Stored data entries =
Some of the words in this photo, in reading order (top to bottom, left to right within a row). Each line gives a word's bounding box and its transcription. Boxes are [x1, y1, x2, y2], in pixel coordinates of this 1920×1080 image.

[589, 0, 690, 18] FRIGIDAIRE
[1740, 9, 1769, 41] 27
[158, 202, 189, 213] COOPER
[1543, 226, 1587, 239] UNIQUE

What you have to do = All of the records need to be transcribed exactly.

Answer for the task =
Some of the words in this photo, in reading order (top to bottom, left to right within a row). Each line gives a word's bounding box and its transcription. Boxes are [x1, y1, x2, y2], in pixel coordinates of this 1920×1080 image.

[589, 0, 690, 18] FRIGIDAIRE
[1740, 9, 1769, 41] 27
[158, 202, 189, 213] COOPER
[1543, 226, 1587, 239] UNIQUE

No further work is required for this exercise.